The gdb commands stepi and nexti allow you to single-step through assembly instructions. These are the assembly-level equivalents of the source-level step and next commands. They can be abbreviated si and ni.

(gdb) stepi            executes next single instruction
(gdb) nexti            executes next instruction (step over fn calls)

The gdb command info reg will print all integer registers. You can print or set a register's value by name. Within gdb, a register name is prefixed with $ instead of the usual %.

(gdb) info reg
rax            0x4005c1 4195777
rbx            0x0  0
....
(gdb) p $rax            show current value in %rax register
(gdb) set $rax = 9      change current value in %rax register

The tui (text user interface) splits your session into panes for simultaneously viewing the C source, assembly translation, and/or current register state. The gdb command layout <argument> starts tui mode. The argument specifies which pane you want (src, asm, regs, split or next).

(gdb) layout split

Tui mode is great for tracing execution and observing what is happening with code/registers as you stepi. Occasionally, tui trips over itself and garbles the display. The gdb command refresh sometimes works to clean it up, or you can try ctrl-l. If things get really out of hand, ctrl-x a will exit tui mode and return you to ordinary non-graphical gdb.

Reading and Tracing Assembly in GDB

Let's try out all these new gdb commands!
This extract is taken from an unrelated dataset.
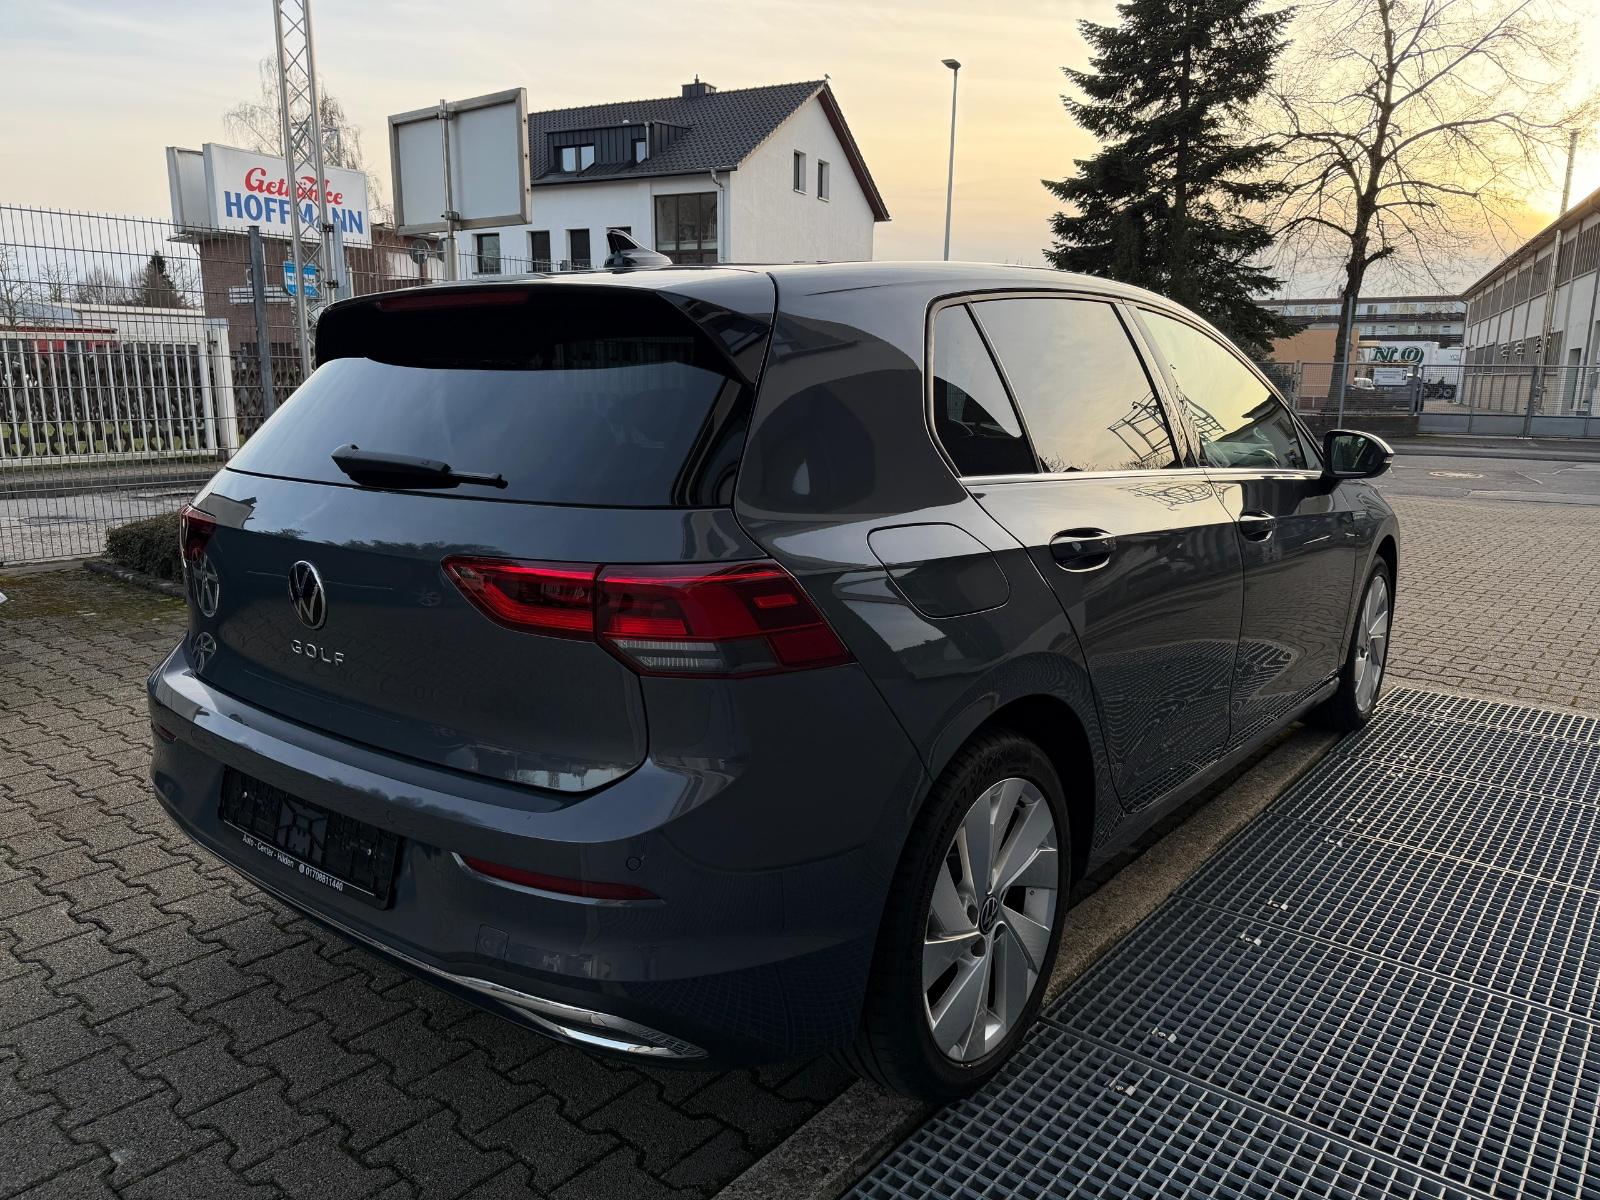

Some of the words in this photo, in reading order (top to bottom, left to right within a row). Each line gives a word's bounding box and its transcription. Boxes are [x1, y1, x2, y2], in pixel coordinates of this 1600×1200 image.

Read over the program code.c.
Compile the program and load it into gdb. Disassemble myfn.
Use the disassembly to figure out where arr is being stored (Hint: take a look at the first mov instructions - %rsp is a pointer to the current top of the stack). How are the values in arr initialized? What happened to the strlen call on the string constant to init the last array element?
What instructions were emitted to compute the value assigned to count? What does this tell you about the sizeof operator? Is it an actual function executed by the assembly instructions?
Set a breakpoint at myfn and run the program. Use the gdb command info locals to show the local variables. Compare this list to the declarations in the C source. You'll see some variables are shown with values ("live"), some are <optimized out>, but others don't show up at all. Look at the disassembly to figure out what happened to these entirely missing variables. Step through the function repeating the info locals command to observe which variables are live at each step. Examine the disassembly to explain why there is no step at which both total and squared are live. As a hint: where do the different variables live at the assembly level? What about ones with constant values?

Check off with TA

At the end of the lab period, submit the checkoff form and ask your lab TA to approve your submission so you are properly credited for your work. It's okay if you don't completely finish all of the exercises during lab; your sincere participation for the full lab period is sufficient for credit. However, we highly encourage you to finish on your own whatever is need to solidify your knowledge. Also take a chance to reflect on what you got what from this lab and whether you feel ready for what comes next! The takeaways from lab5 should be understanding tools for disassembling object files, and using the debugger at the assembly level. The hands-on practice relating C code to its compiled assembly and reverse-engineering from assembly to C is great preparation for your next assignment. Here are some questions to verify your understanding and get you thinking further about these concepts:

Give an example of a C sequence/expression that could be compiled into a variety of different, but equivalent, assembly instruction(s).
What is the difference between sar and shr?
How is the return value of a function communicated from the callee to the caller?
What kind of clues might suggest that an lea instruction is doing an address calculation versus when it is merely arithmetic?
How can you get the value of a variable during execution that gdb reports has been <optimized out>?